- [What needs to be done] Output the data that follows exactly, line for line.

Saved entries

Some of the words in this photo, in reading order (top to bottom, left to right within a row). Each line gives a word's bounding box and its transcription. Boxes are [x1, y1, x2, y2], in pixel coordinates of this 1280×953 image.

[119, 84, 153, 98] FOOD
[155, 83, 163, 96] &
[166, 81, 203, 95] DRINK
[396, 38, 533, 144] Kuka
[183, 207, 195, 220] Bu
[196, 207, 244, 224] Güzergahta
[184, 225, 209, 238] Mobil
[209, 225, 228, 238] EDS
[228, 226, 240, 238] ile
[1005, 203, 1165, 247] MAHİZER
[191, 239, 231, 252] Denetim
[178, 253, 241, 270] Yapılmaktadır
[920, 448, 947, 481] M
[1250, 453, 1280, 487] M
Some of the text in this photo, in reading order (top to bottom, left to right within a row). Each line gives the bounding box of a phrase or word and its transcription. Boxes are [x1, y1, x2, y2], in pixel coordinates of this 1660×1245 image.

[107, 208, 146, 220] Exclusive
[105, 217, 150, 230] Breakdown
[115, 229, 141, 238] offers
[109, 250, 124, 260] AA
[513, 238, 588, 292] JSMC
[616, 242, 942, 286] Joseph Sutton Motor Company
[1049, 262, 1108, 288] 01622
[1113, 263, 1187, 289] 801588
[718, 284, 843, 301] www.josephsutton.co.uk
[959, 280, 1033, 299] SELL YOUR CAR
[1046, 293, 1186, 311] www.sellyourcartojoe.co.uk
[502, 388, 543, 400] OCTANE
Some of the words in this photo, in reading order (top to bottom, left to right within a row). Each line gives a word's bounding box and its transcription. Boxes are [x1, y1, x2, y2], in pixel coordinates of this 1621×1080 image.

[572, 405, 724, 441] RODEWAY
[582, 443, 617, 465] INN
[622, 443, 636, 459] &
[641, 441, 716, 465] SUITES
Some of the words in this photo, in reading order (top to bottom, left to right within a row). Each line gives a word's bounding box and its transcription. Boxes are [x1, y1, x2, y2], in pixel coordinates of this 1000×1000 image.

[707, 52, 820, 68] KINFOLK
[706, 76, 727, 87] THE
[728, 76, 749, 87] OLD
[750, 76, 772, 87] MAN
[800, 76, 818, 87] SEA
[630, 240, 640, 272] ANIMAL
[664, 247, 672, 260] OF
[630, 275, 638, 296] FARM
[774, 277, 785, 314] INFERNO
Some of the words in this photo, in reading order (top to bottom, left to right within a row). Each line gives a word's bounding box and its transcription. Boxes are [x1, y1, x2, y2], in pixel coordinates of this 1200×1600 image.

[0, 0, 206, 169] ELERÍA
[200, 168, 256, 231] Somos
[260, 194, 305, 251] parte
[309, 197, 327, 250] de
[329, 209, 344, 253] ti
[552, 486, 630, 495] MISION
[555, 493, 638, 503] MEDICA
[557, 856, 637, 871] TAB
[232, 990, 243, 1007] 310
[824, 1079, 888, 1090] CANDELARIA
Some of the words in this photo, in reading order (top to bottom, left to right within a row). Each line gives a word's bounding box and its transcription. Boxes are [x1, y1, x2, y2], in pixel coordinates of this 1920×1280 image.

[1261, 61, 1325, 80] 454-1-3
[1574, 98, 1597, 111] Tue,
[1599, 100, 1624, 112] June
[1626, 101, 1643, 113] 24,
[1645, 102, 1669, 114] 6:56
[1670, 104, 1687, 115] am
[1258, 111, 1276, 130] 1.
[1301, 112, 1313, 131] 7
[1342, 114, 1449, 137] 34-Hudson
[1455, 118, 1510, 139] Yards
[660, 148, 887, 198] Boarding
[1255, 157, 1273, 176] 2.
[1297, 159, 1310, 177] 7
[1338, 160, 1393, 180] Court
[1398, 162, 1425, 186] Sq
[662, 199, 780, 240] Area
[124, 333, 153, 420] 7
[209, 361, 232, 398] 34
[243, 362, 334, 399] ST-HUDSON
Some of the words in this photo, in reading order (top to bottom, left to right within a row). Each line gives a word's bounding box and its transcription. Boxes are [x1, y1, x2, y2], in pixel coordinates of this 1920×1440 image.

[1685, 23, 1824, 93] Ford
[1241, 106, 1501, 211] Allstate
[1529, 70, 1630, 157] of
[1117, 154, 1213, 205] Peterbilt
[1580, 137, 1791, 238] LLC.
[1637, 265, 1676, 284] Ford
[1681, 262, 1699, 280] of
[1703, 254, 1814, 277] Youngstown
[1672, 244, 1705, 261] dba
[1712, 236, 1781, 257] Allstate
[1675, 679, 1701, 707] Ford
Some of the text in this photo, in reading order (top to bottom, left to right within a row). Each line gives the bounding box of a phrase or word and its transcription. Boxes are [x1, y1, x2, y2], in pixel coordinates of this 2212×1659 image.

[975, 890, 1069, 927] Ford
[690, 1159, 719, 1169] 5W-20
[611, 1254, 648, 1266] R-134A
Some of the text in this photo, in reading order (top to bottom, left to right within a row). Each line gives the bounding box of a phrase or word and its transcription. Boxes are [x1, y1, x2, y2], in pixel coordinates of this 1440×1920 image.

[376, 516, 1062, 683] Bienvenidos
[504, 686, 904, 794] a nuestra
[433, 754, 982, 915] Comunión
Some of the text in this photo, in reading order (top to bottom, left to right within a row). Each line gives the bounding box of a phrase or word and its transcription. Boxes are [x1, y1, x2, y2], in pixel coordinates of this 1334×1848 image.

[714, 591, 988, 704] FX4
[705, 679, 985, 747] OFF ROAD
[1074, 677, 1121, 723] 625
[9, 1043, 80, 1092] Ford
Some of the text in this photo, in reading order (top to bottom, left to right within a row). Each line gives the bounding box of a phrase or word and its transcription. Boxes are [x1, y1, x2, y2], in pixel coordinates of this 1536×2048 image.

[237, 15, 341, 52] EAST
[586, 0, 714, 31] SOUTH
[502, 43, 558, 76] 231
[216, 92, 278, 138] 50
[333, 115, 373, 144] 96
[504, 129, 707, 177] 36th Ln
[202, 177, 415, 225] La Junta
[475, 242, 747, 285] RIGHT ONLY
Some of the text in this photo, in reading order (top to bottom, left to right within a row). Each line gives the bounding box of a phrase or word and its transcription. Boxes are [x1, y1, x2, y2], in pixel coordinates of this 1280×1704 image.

- [Solution for this problem]
Some of the words in this photo, in reading order (top to bottom, left to right within a row). Each line gives a word's bounding box and its transcription. Boxes are [x1, y1, x2, y2], in pixel coordinates of this 1280×953 image.

[119, 84, 153, 98] FOOD
[155, 83, 163, 96] &
[166, 81, 203, 95] DRINK
[396, 38, 533, 144] Kuka
[183, 207, 195, 220] Bu
[196, 207, 244, 224] Güzergahta
[184, 225, 209, 238] Mobil
[209, 225, 228, 238] EDS
[228, 226, 240, 238] ile
[1005, 203, 1165, 247] MAHİZER
[191, 239, 231, 252] Denetim
[178, 253, 241, 270] Yapılmaktadır
[920, 448, 947, 481] M
[1250, 453, 1280, 487] M
Some of the text in this photo, in reading order (top to bottom, left to right within a row). Each line gives the bounding box of a phrase or word and its transcription. Boxes are [x1, y1, x2, y2], in pixel coordinates of this 1660×1245 image.

[107, 208, 146, 220] Exclusive
[105, 217, 150, 230] Breakdown
[115, 229, 141, 238] offers
[109, 250, 124, 260] AA
[513, 238, 588, 292] JSMC
[616, 242, 942, 286] Joseph Sutton Motor Company
[1049, 262, 1108, 288] 01622
[1113, 263, 1187, 289] 801588
[718, 284, 843, 301] www.josephsutton.co.uk
[959, 280, 1033, 299] SELL YOUR CAR
[1046, 293, 1186, 311] www.sellyourcartojoe.co.uk
[502, 388, 543, 400] OCTANE
Some of the words in this photo, in reading order (top to bottom, left to right within a row). Each line gives a word's bounding box and its transcription. Boxes are [x1, y1, x2, y2], in pixel coordinates of this 1621×1080 image.

[572, 405, 724, 441] RODEWAY
[582, 443, 617, 465] INN
[622, 443, 636, 459] &
[641, 441, 716, 465] SUITES
Some of the words in this photo, in reading order (top to bottom, left to right within a row). Each line gives a word's bounding box and its transcription. Boxes are [x1, y1, x2, y2], in pixel coordinates of this 1000×1000 image.

[707, 52, 820, 68] KINFOLK
[706, 76, 727, 87] THE
[728, 76, 749, 87] OLD
[750, 76, 772, 87] MAN
[800, 76, 818, 87] SEA
[630, 240, 640, 272] ANIMAL
[664, 247, 672, 260] OF
[630, 275, 638, 296] FARM
[774, 277, 785, 314] INFERNO
Some of the words in this photo, in reading order (top to bottom, left to right within a row). Each line gives a word's bounding box and its transcription. Boxes are [x1, y1, x2, y2], in pixel coordinates of this 1200×1600 image.

[0, 0, 206, 169] ELERÍA
[200, 168, 256, 231] Somos
[260, 194, 305, 251] parte
[309, 197, 327, 250] de
[329, 209, 344, 253] ti
[552, 486, 630, 495] MISION
[555, 493, 638, 503] MEDICA
[557, 856, 637, 871] TAB
[232, 990, 243, 1007] 310
[824, 1079, 888, 1090] CANDELARIA
Some of the words in this photo, in reading order (top to bottom, left to right within a row). Each line gives a word's bounding box and its transcription. Boxes are [x1, y1, x2, y2], in pixel coordinates of this 1920×1280 image.

[1261, 61, 1325, 80] 454-1-3
[1574, 98, 1597, 111] Tue,
[1599, 100, 1624, 112] June
[1626, 101, 1643, 113] 24,
[1645, 102, 1669, 114] 6:56
[1670, 104, 1687, 115] am
[1258, 111, 1276, 130] 1.
[1301, 112, 1313, 131] 7
[1342, 114, 1449, 137] 34-Hudson
[1455, 118, 1510, 139] Yards
[660, 148, 887, 198] Boarding
[1255, 157, 1273, 176] 2.
[1297, 159, 1310, 177] 7
[1338, 160, 1393, 180] Court
[1398, 162, 1425, 186] Sq
[662, 199, 780, 240] Area
[124, 333, 153, 420] 7
[209, 361, 232, 398] 34
[243, 362, 334, 399] ST-HUDSON
Some of the words in this photo, in reading order (top to bottom, left to right within a row). Each line gives a word's bounding box and its transcription. Boxes are [x1, y1, x2, y2], in pixel coordinates of this 1920×1440 image.

[1685, 23, 1824, 93] Ford
[1241, 106, 1501, 211] Allstate
[1529, 70, 1630, 157] of
[1117, 154, 1213, 205] Peterbilt
[1580, 137, 1791, 238] LLC.
[1637, 265, 1676, 284] Ford
[1681, 262, 1699, 280] of
[1703, 254, 1814, 277] Youngstown
[1672, 244, 1705, 261] dba
[1712, 236, 1781, 257] Allstate
[1675, 679, 1701, 707] Ford
Some of the text in this photo, in reading order (top to bottom, left to right within a row). Each line gives the bounding box of a phrase or word and its transcription. Boxes are [x1, y1, x2, y2], in pixel coordinates of this 2212×1659 image.

[975, 890, 1069, 927] Ford
[690, 1159, 719, 1169] 5W-20
[611, 1254, 648, 1266] R-134A
Some of the text in this photo, in reading order (top to bottom, left to right within a row). Each line gives the bounding box of a phrase or word and its transcription. Boxes are [x1, y1, x2, y2], in pixel coordinates of this 1440×1920 image.

[376, 516, 1062, 683] Bienvenidos
[504, 686, 904, 794] a nuestra
[433, 754, 982, 915] Comunión
Some of the text in this photo, in reading order (top to bottom, left to right within a row). Each line gives the bounding box of a phrase or word and its transcription. Boxes are [x1, y1, x2, y2], in pixel coordinates of this 1334×1848 image.

[714, 591, 988, 704] FX4
[705, 679, 985, 747] OFF ROAD
[1074, 677, 1121, 723] 625
[9, 1043, 80, 1092] Ford
Some of the text in this photo, in reading order (top to bottom, left to right within a row). Each line gives the bounding box of a phrase or word and its transcription. Boxes are [x1, y1, x2, y2], in pixel coordinates of this 1536×2048 image.

[237, 15, 341, 52] EAST
[586, 0, 714, 31] SOUTH
[502, 43, 558, 76] 231
[216, 92, 278, 138] 50
[333, 115, 373, 144] 96
[504, 129, 707, 177] 36th Ln
[202, 177, 415, 225] La Junta
[475, 242, 747, 285] RIGHT ONLY
Some of the text in this photo, in reading order (top to bottom, left to right within a row). Each line gives the bounding box of a phrase or word and its transcription. Boxes are [x1, y1, x2, y2], in pixel coordinates of this 1280×1704 image.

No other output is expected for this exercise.